| Source material |
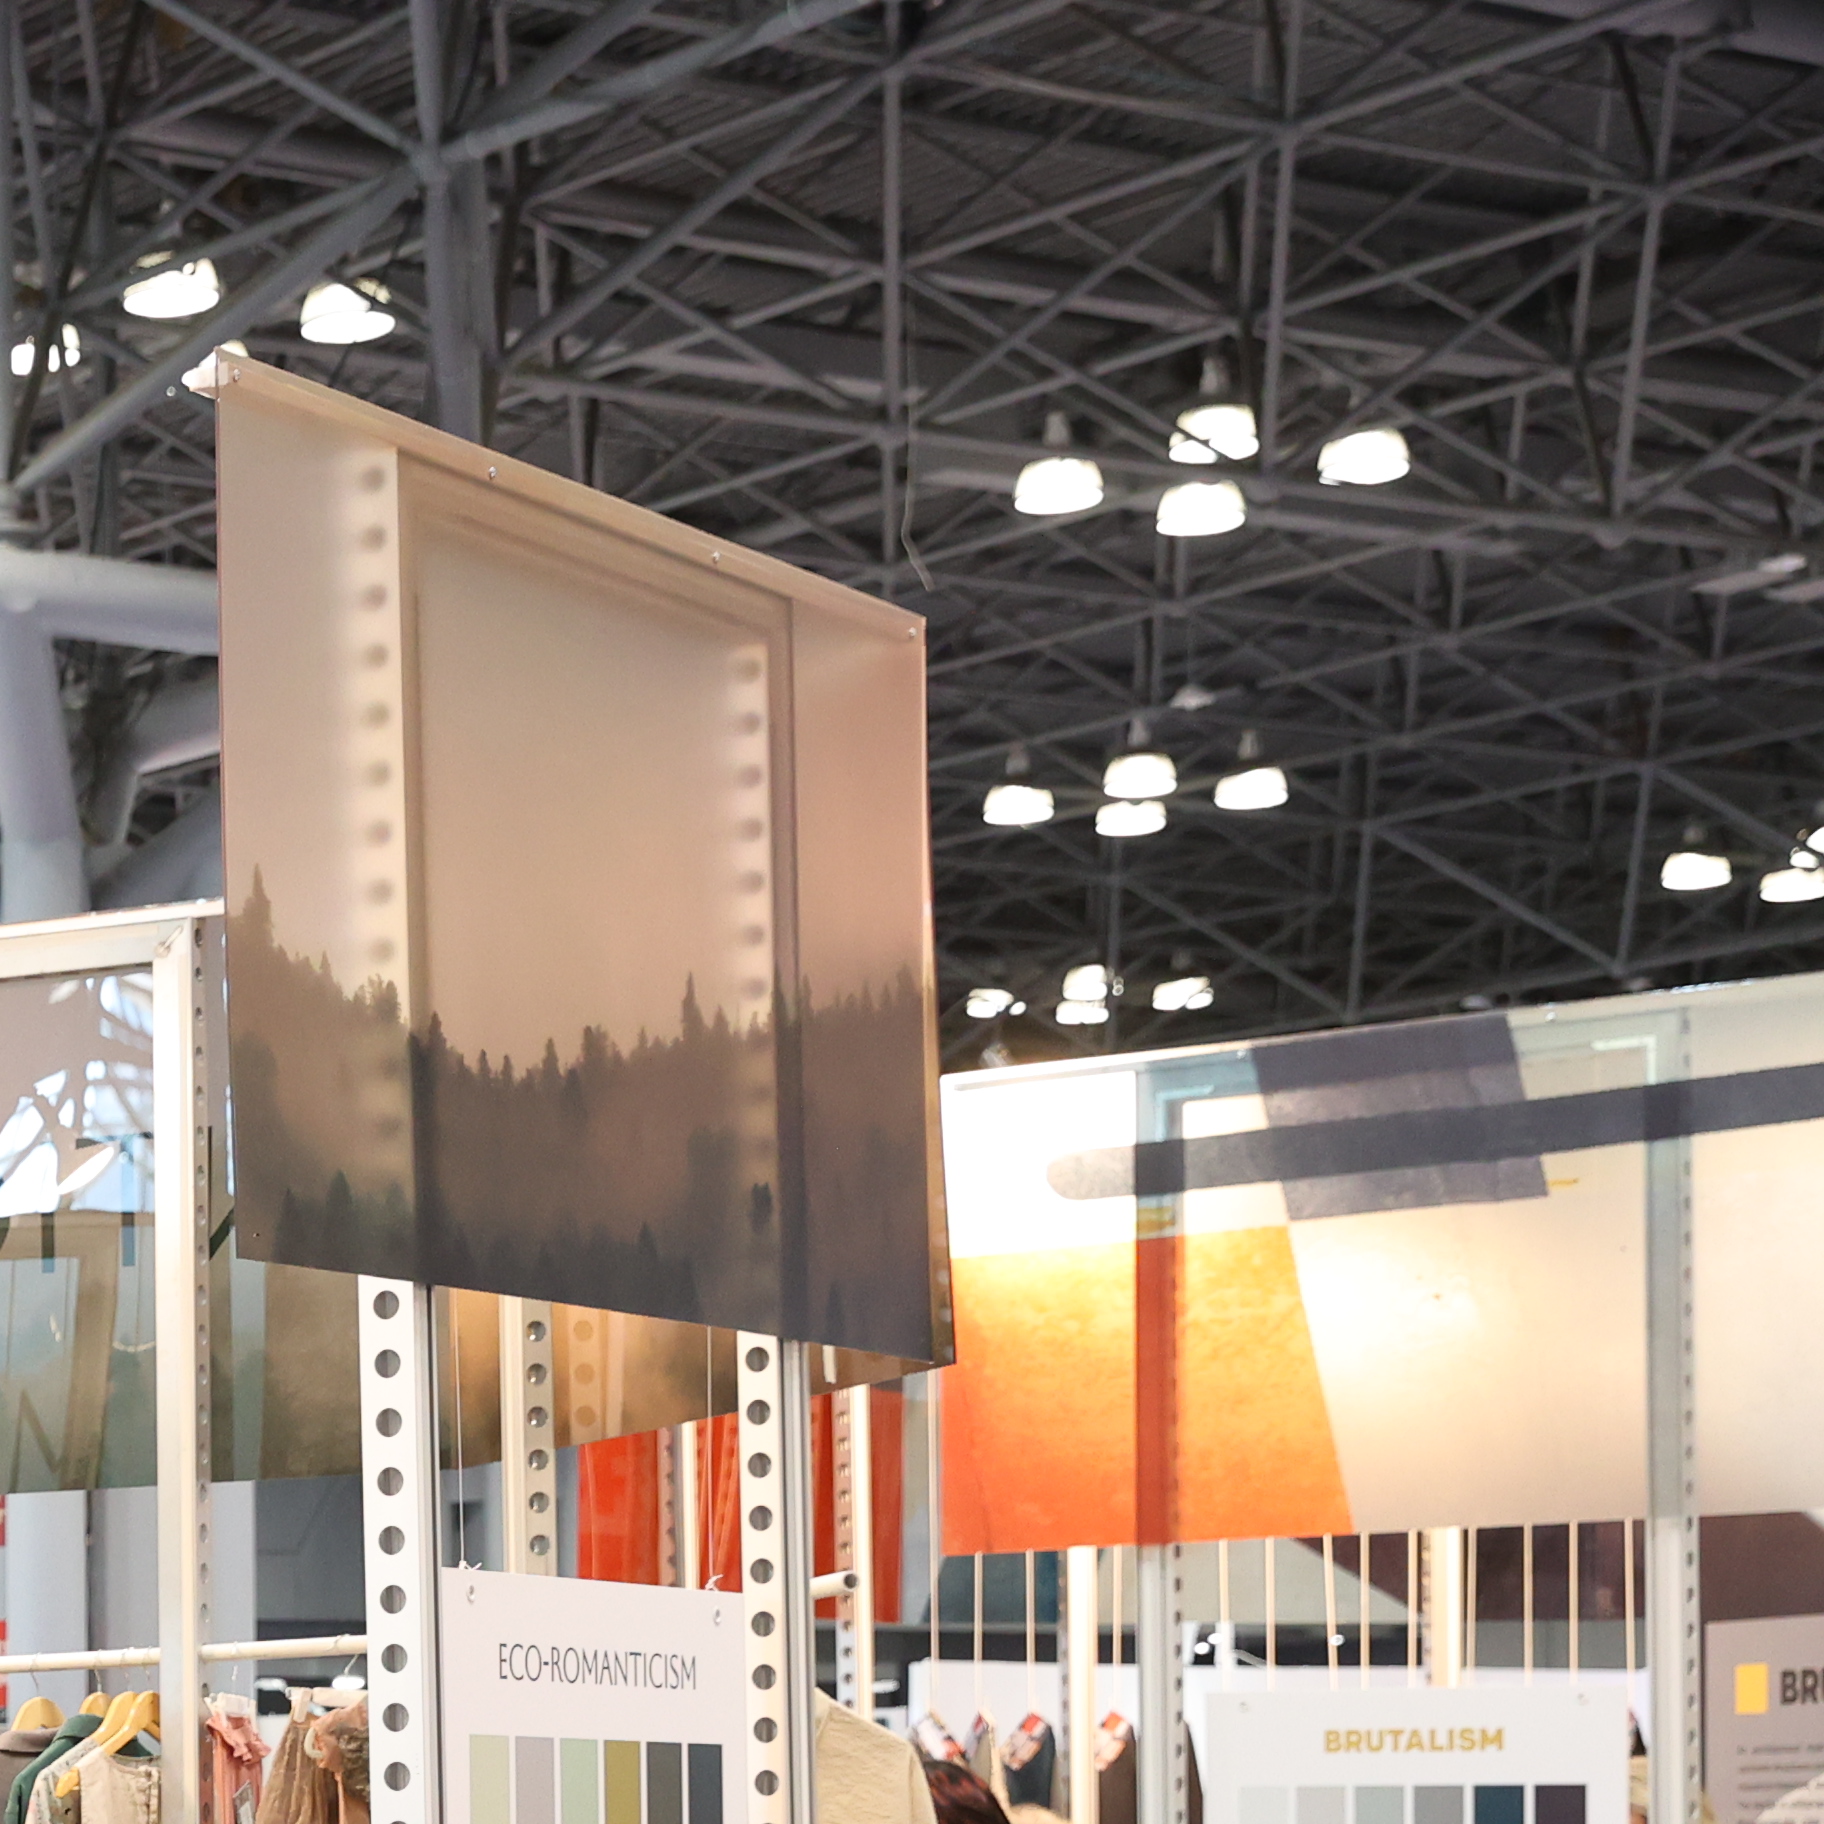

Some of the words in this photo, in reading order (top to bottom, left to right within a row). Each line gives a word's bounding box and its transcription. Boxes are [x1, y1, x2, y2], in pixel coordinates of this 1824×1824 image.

[498, 1641, 698, 1690] ECO-ROMANTICISM
[1779, 1667, 1824, 1706] BR
[1324, 1726, 1506, 1753] BRUTALISM
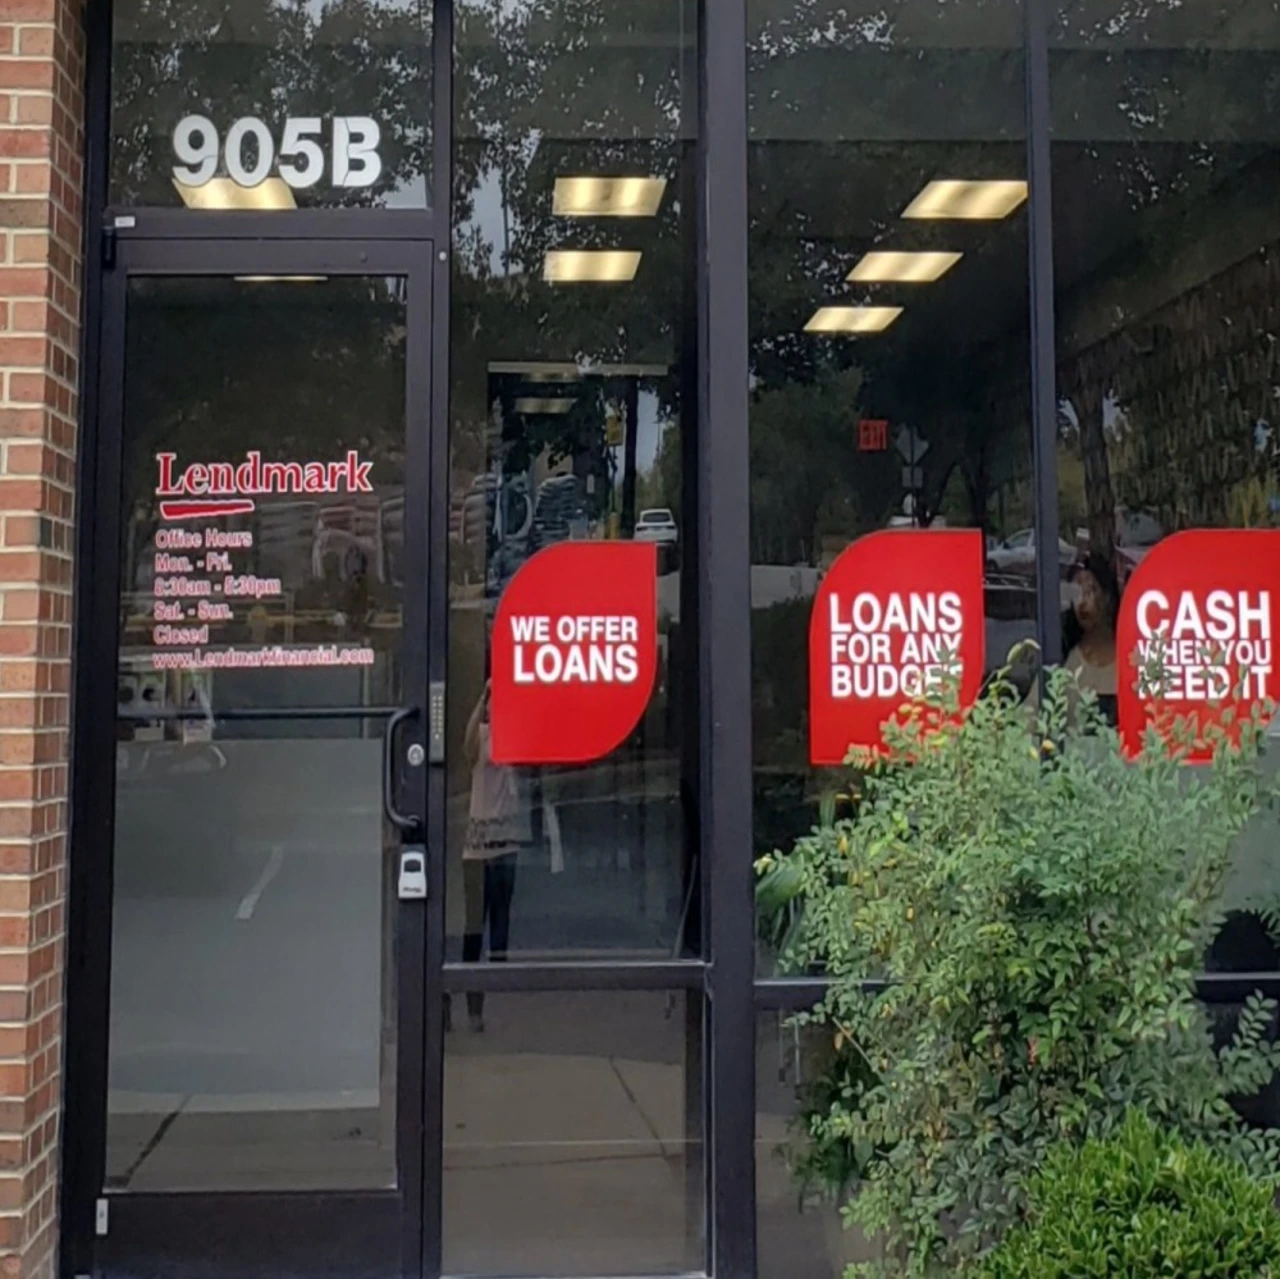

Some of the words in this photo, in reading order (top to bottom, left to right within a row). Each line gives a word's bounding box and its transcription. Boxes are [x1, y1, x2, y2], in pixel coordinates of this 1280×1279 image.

[171, 113, 382, 189] 905B
[155, 450, 374, 495] Lendmark
[155, 528, 202, 549] Office
[205, 527, 253, 548] Hours
[155, 552, 193, 573] Mon.
[206, 551, 233, 572] Fri.
[154, 600, 185, 621] Sat.
[198, 599, 234, 620] Sun.
[829, 591, 962, 633] LOANS
[1136, 589, 1271, 640] CASH
[153, 623, 209, 644] Closed
[510, 616, 551, 641] WE
[557, 615, 638, 642] OFFER
[830, 633, 891, 663] FOR
[900, 633, 962, 664] ANY
[1220, 639, 1272, 665] YOU
[514, 644, 638, 683] LOANS

| Task requirements |
Copy the data exactly. Pictures do not belong in the copy.

| Solution to this problem |
Some of the words in this photo, in reading order (top to bottom, left to right within a row). Each line gives a word's bounding box and its transcription. Boxes are [x1, y1, x2, y2], in pixel coordinates of this 1824×1824 image.

[498, 1641, 698, 1690] ECO-ROMANTICISM
[1779, 1667, 1824, 1706] BR
[1324, 1726, 1506, 1753] BRUTALISM

Some of the words in this photo, in reading order (top to bottom, left to right within a row). Each line gives a word's bounding box and its transcription. Boxes are [x1, y1, x2, y2], in pixel coordinates of this 1280×1279 image.

[171, 113, 382, 189] 905B
[155, 450, 374, 495] Lendmark
[155, 528, 202, 549] Office
[205, 527, 253, 548] Hours
[155, 552, 193, 573] Mon.
[206, 551, 233, 572] Fri.
[154, 600, 185, 621] Sat.
[198, 599, 234, 620] Sun.
[829, 591, 962, 633] LOANS
[1136, 589, 1271, 640] CASH
[153, 623, 209, 644] Closed
[510, 616, 551, 641] WE
[557, 615, 638, 642] OFFER
[830, 633, 891, 663] FOR
[900, 633, 962, 664] ANY
[1220, 639, 1272, 665] YOU
[514, 644, 638, 683] LOANS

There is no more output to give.